Reproduction survey shows excellent numbers of young fish
The North Dakota Game and Fish Department's annual fall survey shows exceptional numbers statewide of young-of-the-year walleye, perch and northern pike, according to Scott Gangl, fisheries management section leader.
"The end result is a combination of our stocking efforts and excellent natural reproduction," Gangl said, noting that a record number of lakes were stocked this year.
The Missouri River from Garrison Dam to Lake Oahe led the way with outstanding natural walleye reproduction. "This stretch was phenomenal, and this is noteworthy because it is all natural," Gangl said. "Nothing is stocked in the Missouri River."
Lake Oahe and Devils Lake also showed excellent numbers of young fish during the survey. "This was one of the best years ever for Lake Oahe, definitely a top five year," Gangl said. "Devils Lake was off the charts, with numbers six times greater than the long term average."

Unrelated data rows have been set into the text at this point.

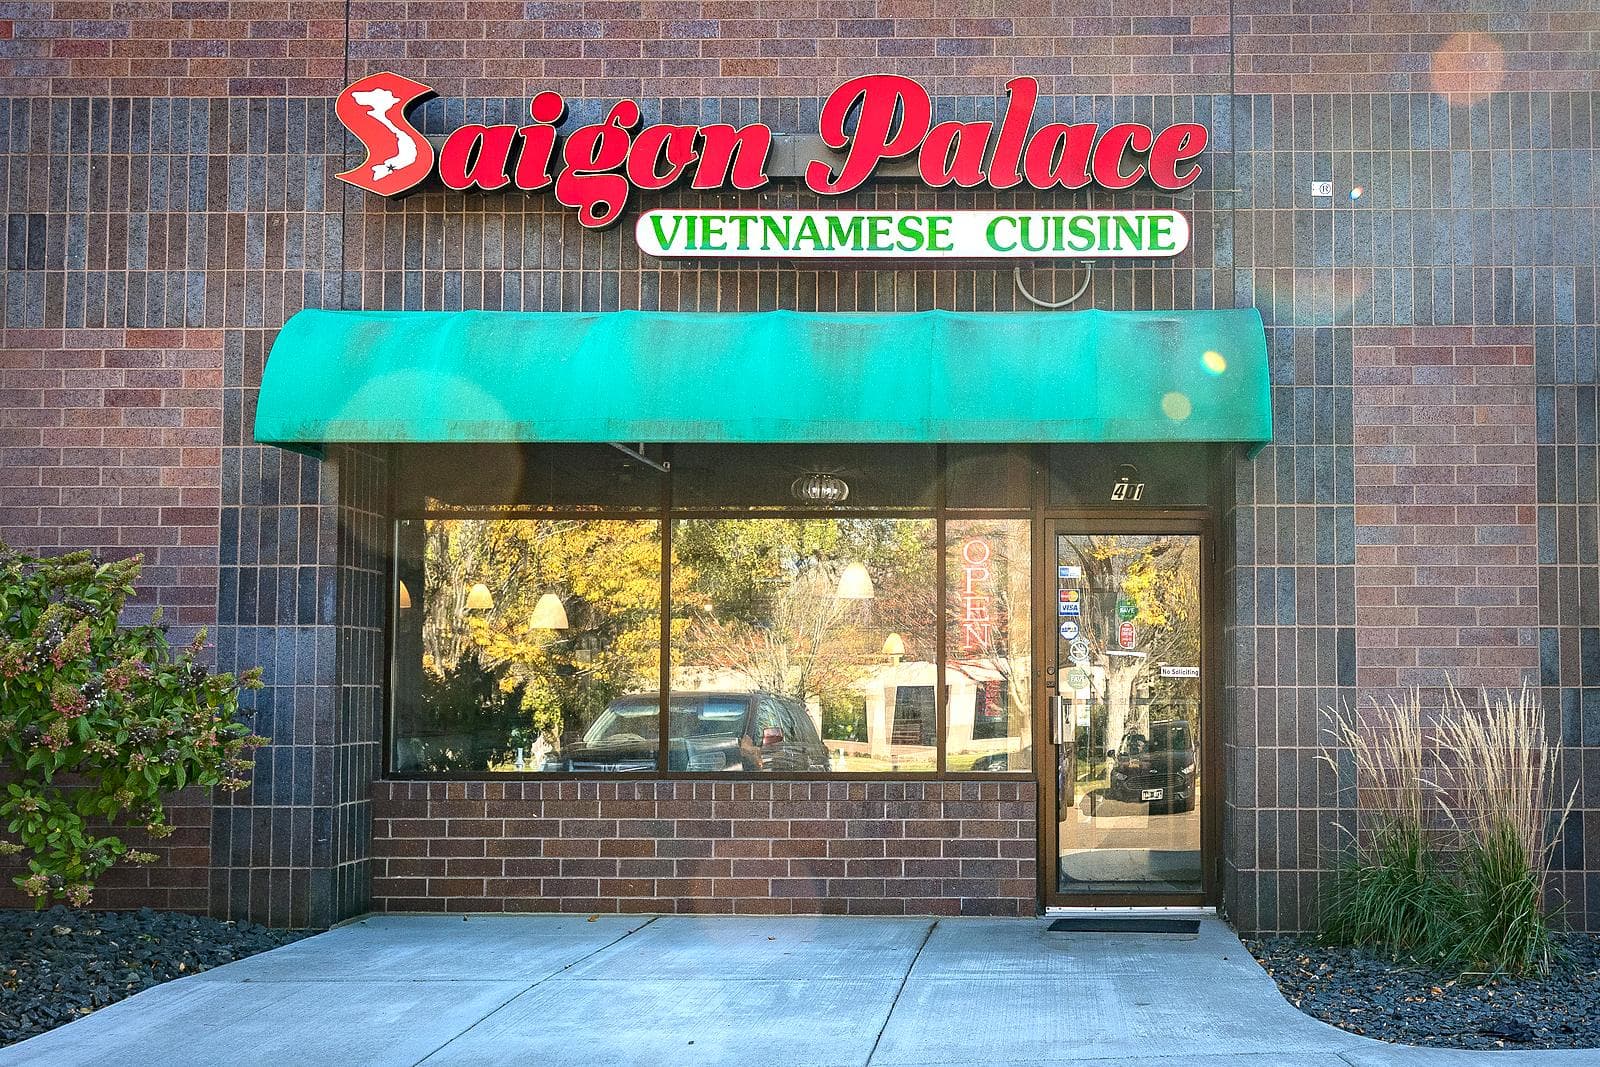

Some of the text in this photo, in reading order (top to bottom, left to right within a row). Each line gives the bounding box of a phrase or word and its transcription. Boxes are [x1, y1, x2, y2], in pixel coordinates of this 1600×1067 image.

[335, 71, 1209, 228] Saigon Palace
[650, 215, 1176, 252] VIETNAMESE CUISINE
[1112, 484, 1144, 500] 401
[964, 539, 991, 649] OPEN
[1171, 668, 1199, 676] Soliciting

Game and Fish did not stock walleye in Lake Oahe or Devils Lake in 2009.
Lake Sakakawea wasn't nearly as good as the other larger systems, but it was better than the last few years. "There was some natural reproduction, and numbers were similar to the end of the last drought in the early 1990s," Gangl said.

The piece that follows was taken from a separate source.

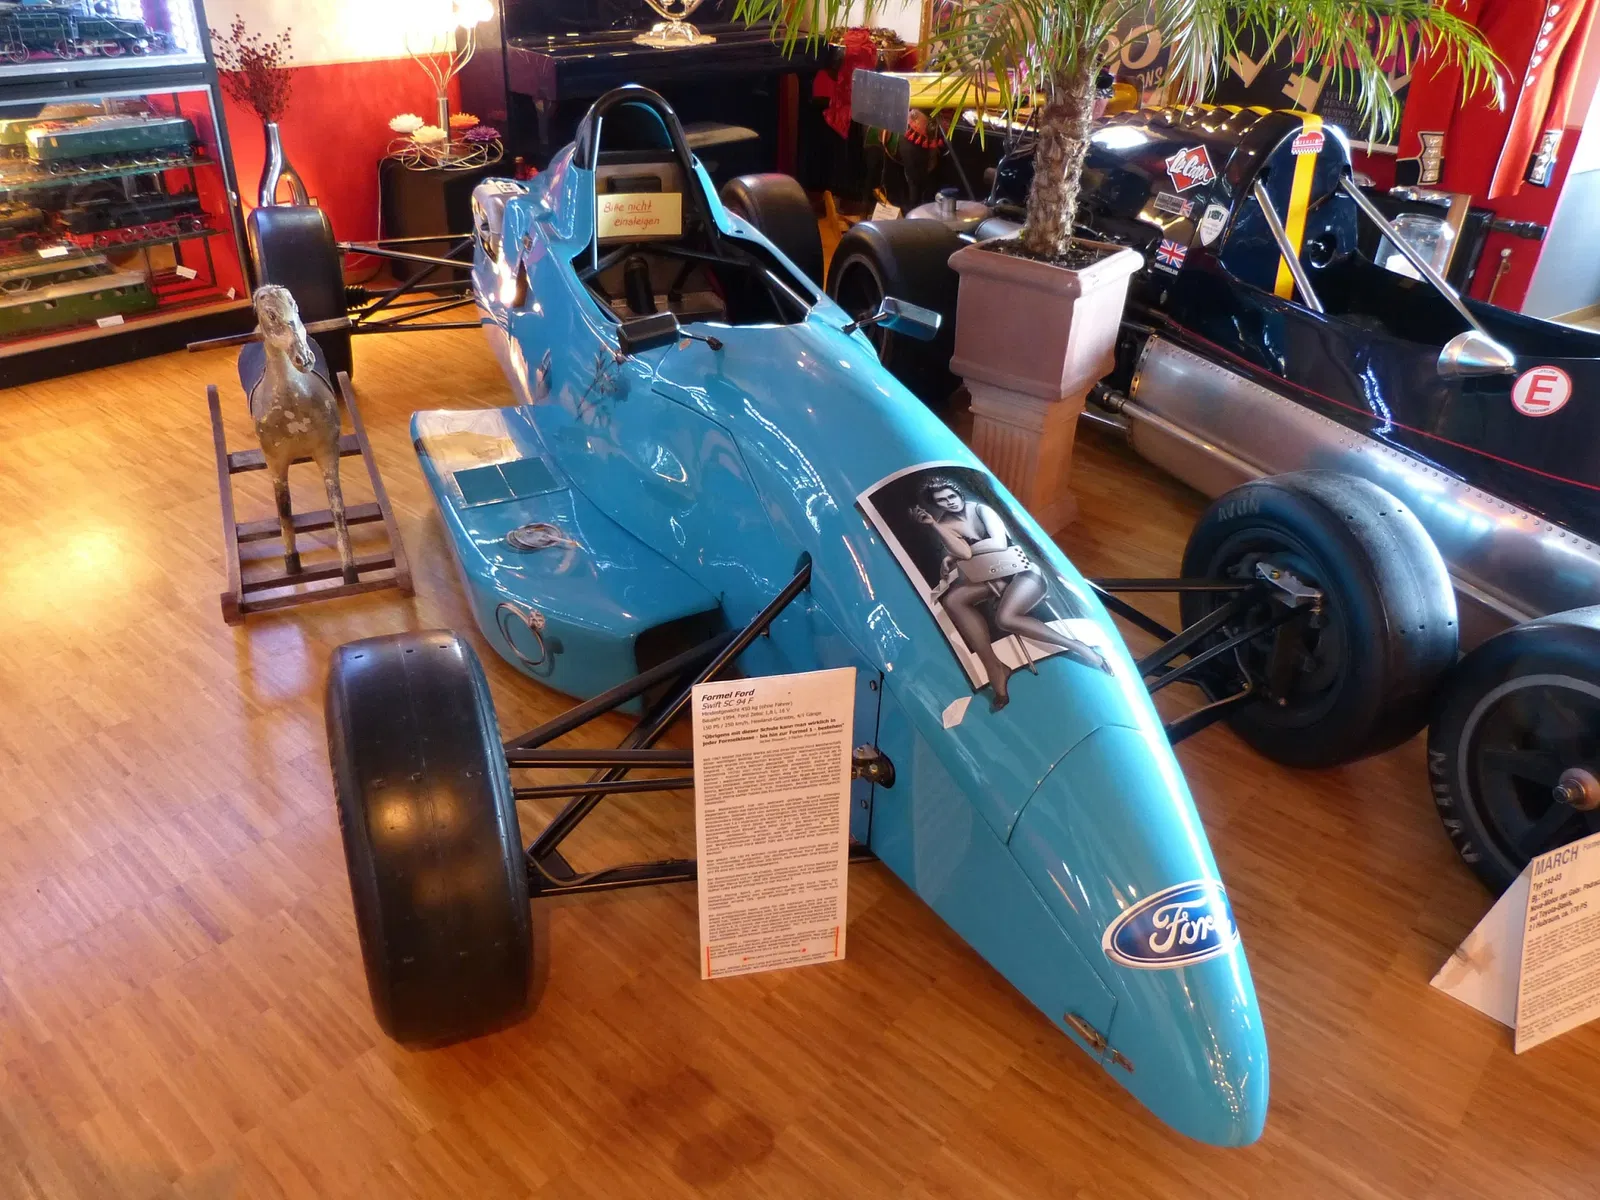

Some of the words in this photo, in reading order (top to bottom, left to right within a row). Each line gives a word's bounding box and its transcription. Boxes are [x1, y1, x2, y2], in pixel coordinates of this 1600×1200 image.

Many of the smaller lakes had good numbers of young fish as well. "Whether it was because of stocking efforts or on lakes with natural reproduction, it was pretty standard across the state with a really good take of fish this year," Gangl said. "Flooding across much of the state provided excellent fish habitat conditions."

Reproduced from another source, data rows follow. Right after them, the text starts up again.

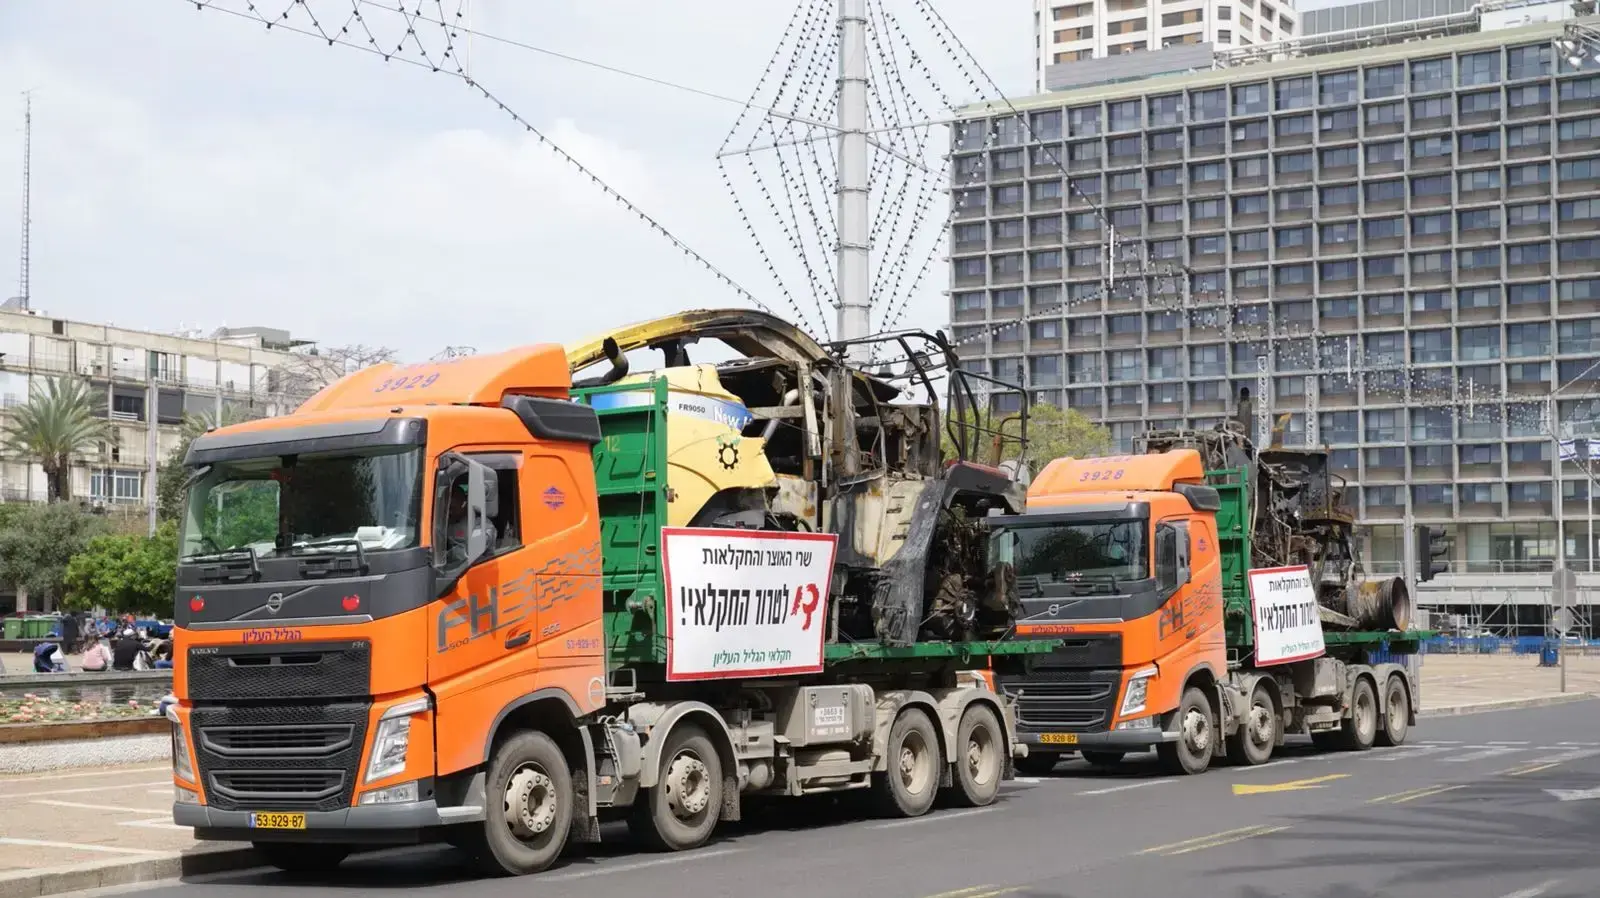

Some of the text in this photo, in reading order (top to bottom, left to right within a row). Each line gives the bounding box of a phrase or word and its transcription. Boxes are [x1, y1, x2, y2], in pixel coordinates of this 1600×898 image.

[374, 372, 440, 393] 3929
[678, 403, 706, 414] FR9050
[1079, 468, 1124, 482] 3928
[702, 544, 812, 570] שרי האוצר והחקלאות
[1268, 576, 1302, 592] והחקלאות
[681, 583, 751, 632] החקלאי!
[755, 583, 790, 625] לטרור
[1259, 602, 1298, 633] החקלאי!
[242, 628, 302, 644] הגליל העליון
[713, 648, 792, 667] חקלאי הגליל העליון

In general, fisheries crews saw good numbers of early spawning species, such as walleye, pike and perch, Gangl said. "Pike and perch take advantage of flooded vegetation and with the large amount of water this year we saw good natural reproduction," he said.
Statewide, Gangl said forage species did really well. "Fathead minnows in smaller lakes were very abundant," he added. "On some of the bigger systems, there was really good reproduction of white bass, crappies, and other minnow and sucker species."
Gangl said a disappointment from this fall's sampling was the lack of gizzard shad in the Missouri River and Lake Oahe. "Shad can't tolerate cold water for long periods, and the severity of last winter appears to have depleted much of the adult population, as few young-of-the-year shad were collected this year," he said.
Fall reproduction sampling provides biologists with an index that measures natural reproduction and stocking success. It allows biologists to see if fish did spawn, and how fingerlings survived the summer. All large and mid-sized reservoirs are sampled every year, and many small lakes are targeted as well. Survey nets are designed for small, young fish, which allows biologists to assess reproduction and status of both game and forage fish species.
"Good reproduction or stocking success is certainly the first step to good fishing, but those little fish have to survive their first couple of winters before they get to a size that anglers can catch," Gangl said.